De lo urbano y lo divino.





Hay personas que maldicen cuando el despertador suena. Maldicen en arameo. Si se les queman las tostadas o la leche se calienta demasiado, vuelven a maldecir. Cuando salen de casa y sus piernas les llevan hasta su vehículo o el autobús de turno, miran el cielo y se quejan si hace demasiado sol, o si por el contrario, llueve.

Quejarse es su forma de ser. Su 'encanto'. Y se dedican a protestar por cualquier pequeña contrariedad que surja en su rutina, como que alguien a quien hace tiempo que no ven, les salude y les haga perder cinco minutos de su vida mientras almuerzan.

La vida les molesta. Los demás les molestan. 

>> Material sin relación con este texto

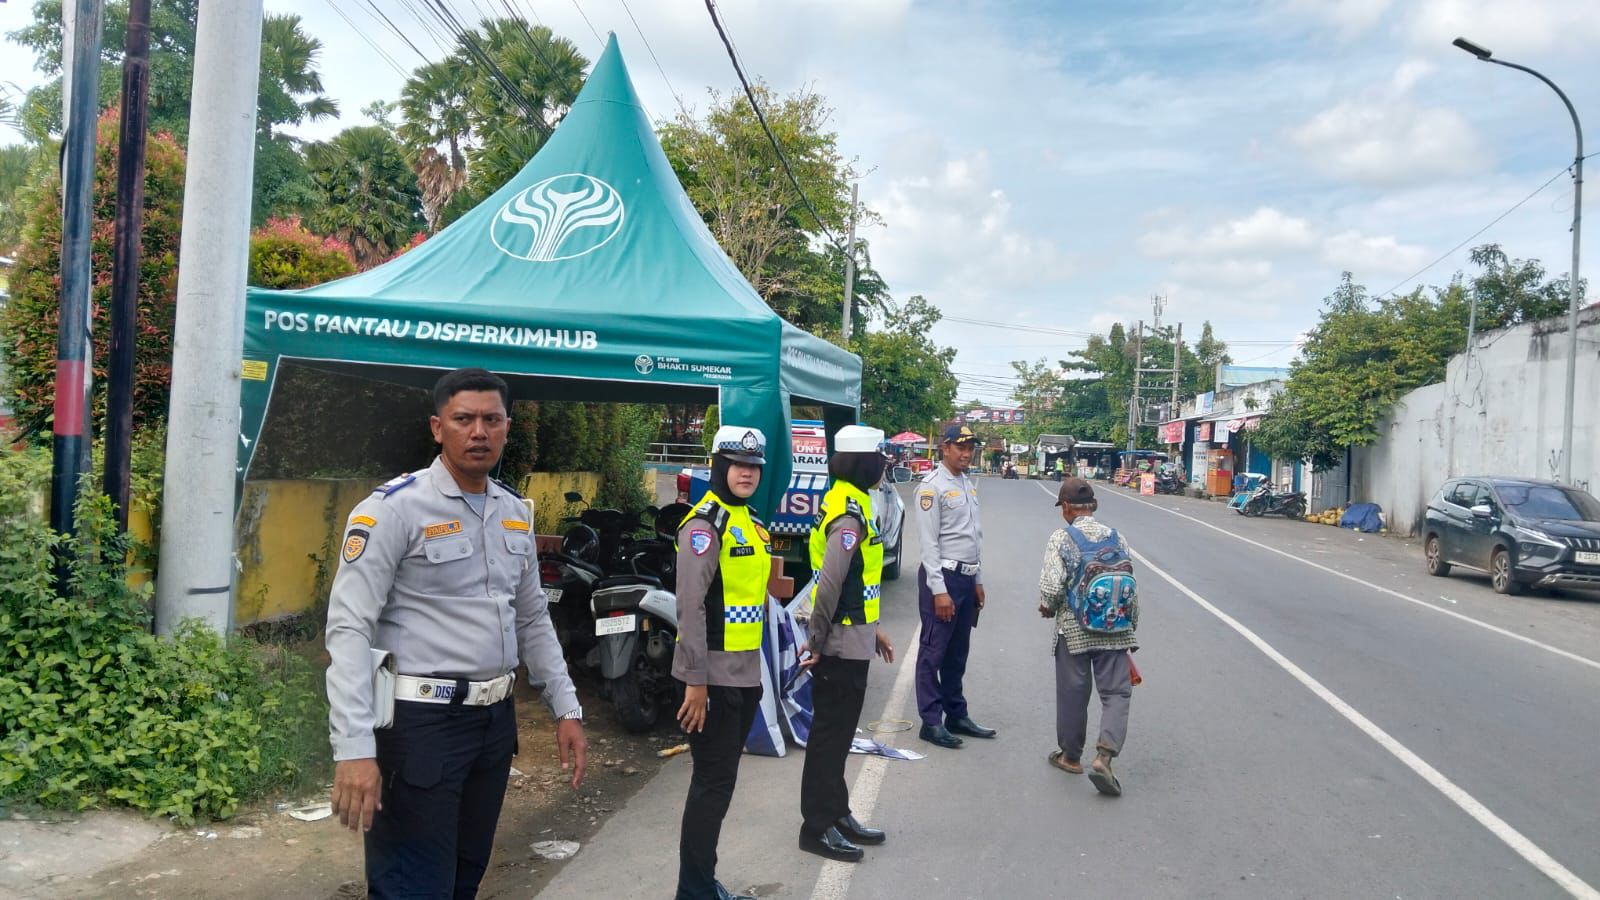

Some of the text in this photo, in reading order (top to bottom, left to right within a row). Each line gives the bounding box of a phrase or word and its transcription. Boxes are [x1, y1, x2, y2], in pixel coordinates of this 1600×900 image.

[264, 310, 598, 350] POS PANTAU DISPERKIMHUB
[657, 362, 732, 374] BHAKTI SUMEKAR

Si un conocido, o amigo, acude a ellos para compartir un problema, se alteran. ¿Cómo osa ese ser humano a perturbar su paz? ¡Sus problemas sí son importantes! ¿Acaso cree ese desdichado que va por la vida con un diván soportando las neuras de los demás?

No hay mayor ofensa para él, que una persona con dificultades. ¡Él las tiene! ¡Y mucho peores! Es más, el planeta entero debería darle las gracias por tratar de ser amable. Es un esfuerzo tan grande, que ni un Óscar sería suficiente premio a su gesta.



Ayer, me encontré en una parada de autobús a un matrimonio veterano. Ante las preguntas de rigor sobre el tiempo que llevaban esperando, me dieron una lección. Una más de las que tengo que seguir recibiendo.

Ni era mi mejor día, ni tenía ganas de estar allí. Quería que el autobús llegara y marcharme a casa. Pero ellos tenían un plan. Mucho mejor que esos vídeos motivadores tan buenos que encontramos por Internet.

El hombre, un caballero sin un cabello en su elegante cabeza, con pequeñas gafas y mirada pícara, me confesó -como suelen hacer las personas con ganas de hablar- que llevaba 65 años junto a ésa mujer. 

La mujer, una señora con la sonrisa puesta desde el minuto uno, no paraba de insistir en que me sentara a su lado. A lo cual me negué dándole las gracias.

Llevaban desde las 12 sentados allí, esperando un autobús que no llegaba nunca. Él miraba a la acera y señalaba con la cabeza las gotas de lluvia que hicieron acto de presencia. Frunció el ceño.

Pero ella, más rápida, me contó que todos los días amanecía diciendo lo mismo: hoy va a llover. Sin importar el mes, la estación, ni la hora. Mi primera sonrisa del día, o tal vez la segunda.

Luego le incitó a que no protestara. Llevaban varios días sin salir de casa, y al menos habían:

- Visto pasar coches
- Les había dado el aire
- Y estaban hablando con una chavala simpática (ahora explico lo de chavala)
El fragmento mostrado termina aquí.